#### Exercise directions
In your output, repeat each entry exactly and include no pictures.

(Free-text object descriptions)
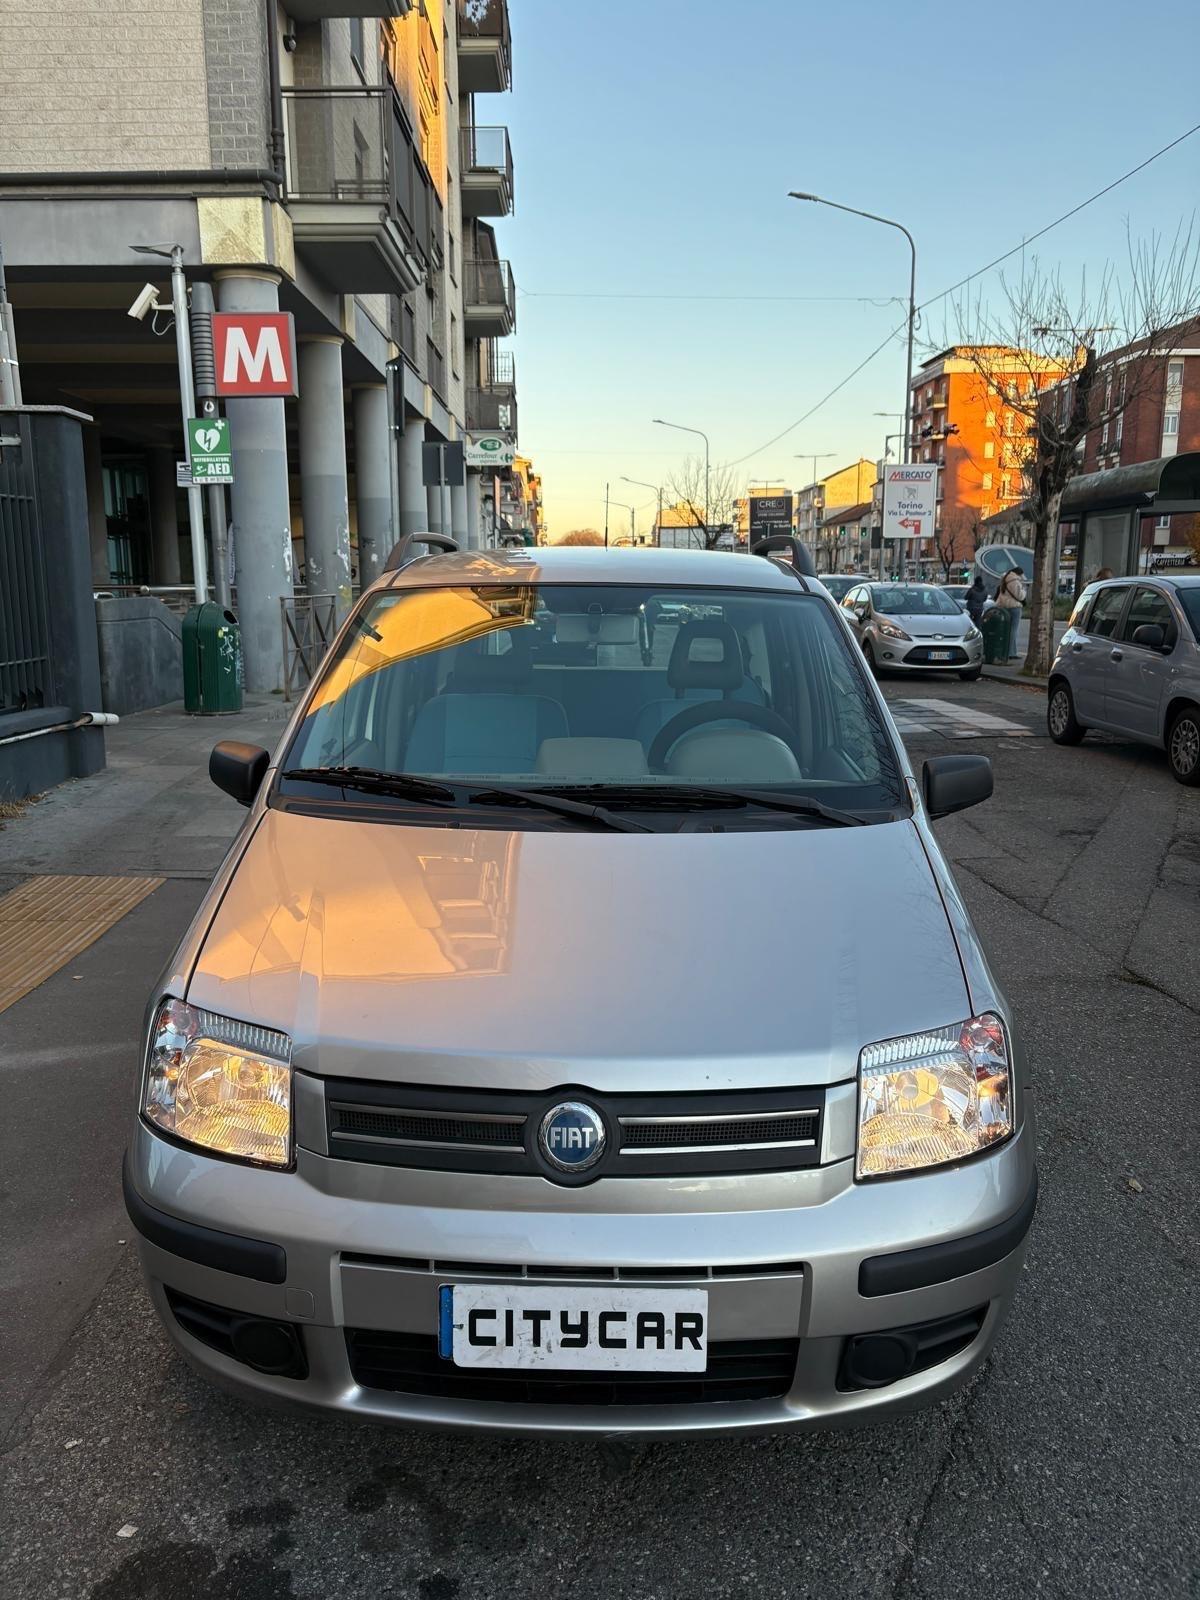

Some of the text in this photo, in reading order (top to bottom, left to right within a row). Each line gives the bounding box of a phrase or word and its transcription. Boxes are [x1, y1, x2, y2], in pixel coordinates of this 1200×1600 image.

[223, 326, 288, 383] M
[207, 463, 231, 475] AED
[898, 502, 923, 510] Torino
[550, 1127, 594, 1149] FIAT
[468, 1309, 704, 1351] CITYCAR
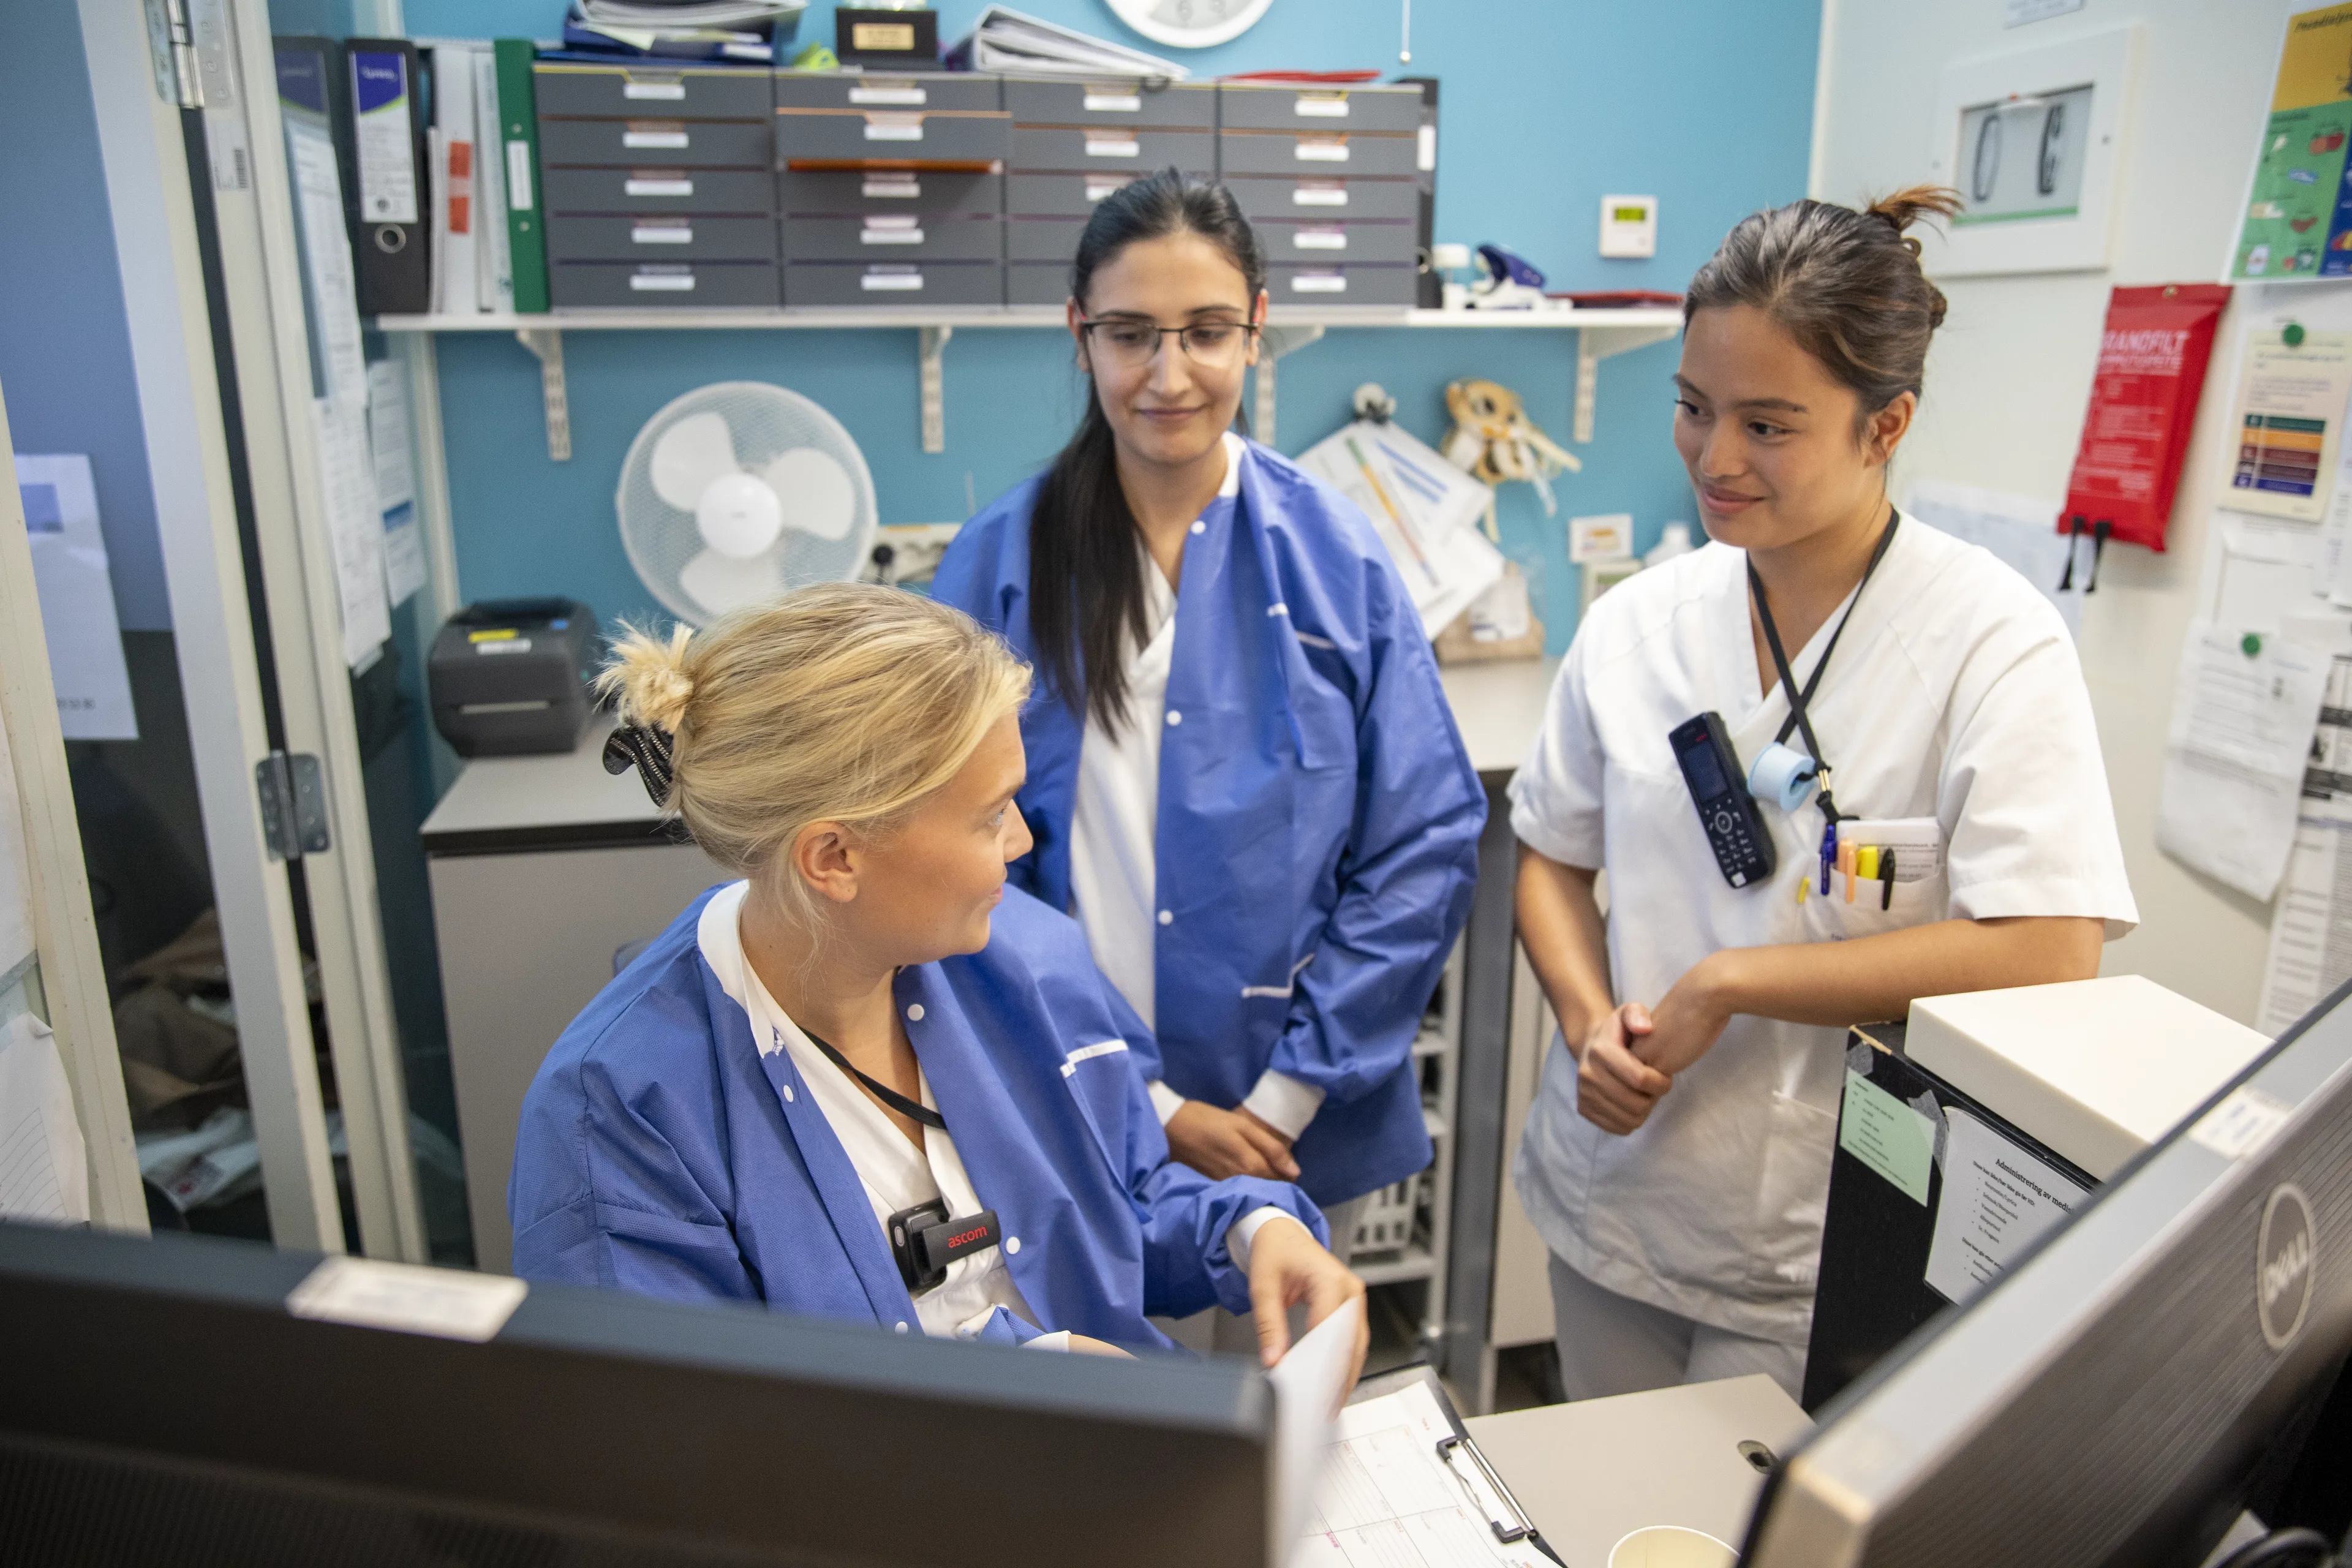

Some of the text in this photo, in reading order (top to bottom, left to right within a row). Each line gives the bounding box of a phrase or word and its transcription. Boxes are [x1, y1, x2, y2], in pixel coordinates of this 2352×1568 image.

[1995, 1158, 2073, 1215] Administrering av medis
[948, 1226, 987, 1248] ascom
[2264, 1230, 2308, 1305] DELL

#### Output of the task
Some of the text in this photo, in reading order (top to bottom, left to right within a row). Each line gives the bounding box of a phrase or word and its transcription. Boxes are [x1, y1, x2, y2], in pixel coordinates of this 1200×1600 image.

[223, 326, 288, 383] M
[207, 463, 231, 475] AED
[898, 502, 923, 510] Torino
[550, 1127, 594, 1149] FIAT
[468, 1309, 704, 1351] CITYCAR

Some of the text in this photo, in reading order (top to bottom, left to right within a row). Each line gives the bounding box of a phrase or word and its transcription. Boxes are [x1, y1, x2, y2], in pixel coordinates of this 2352×1568 image.

[1995, 1158, 2073, 1215] Administrering av medis
[948, 1226, 987, 1248] ascom
[2264, 1230, 2308, 1305] DELL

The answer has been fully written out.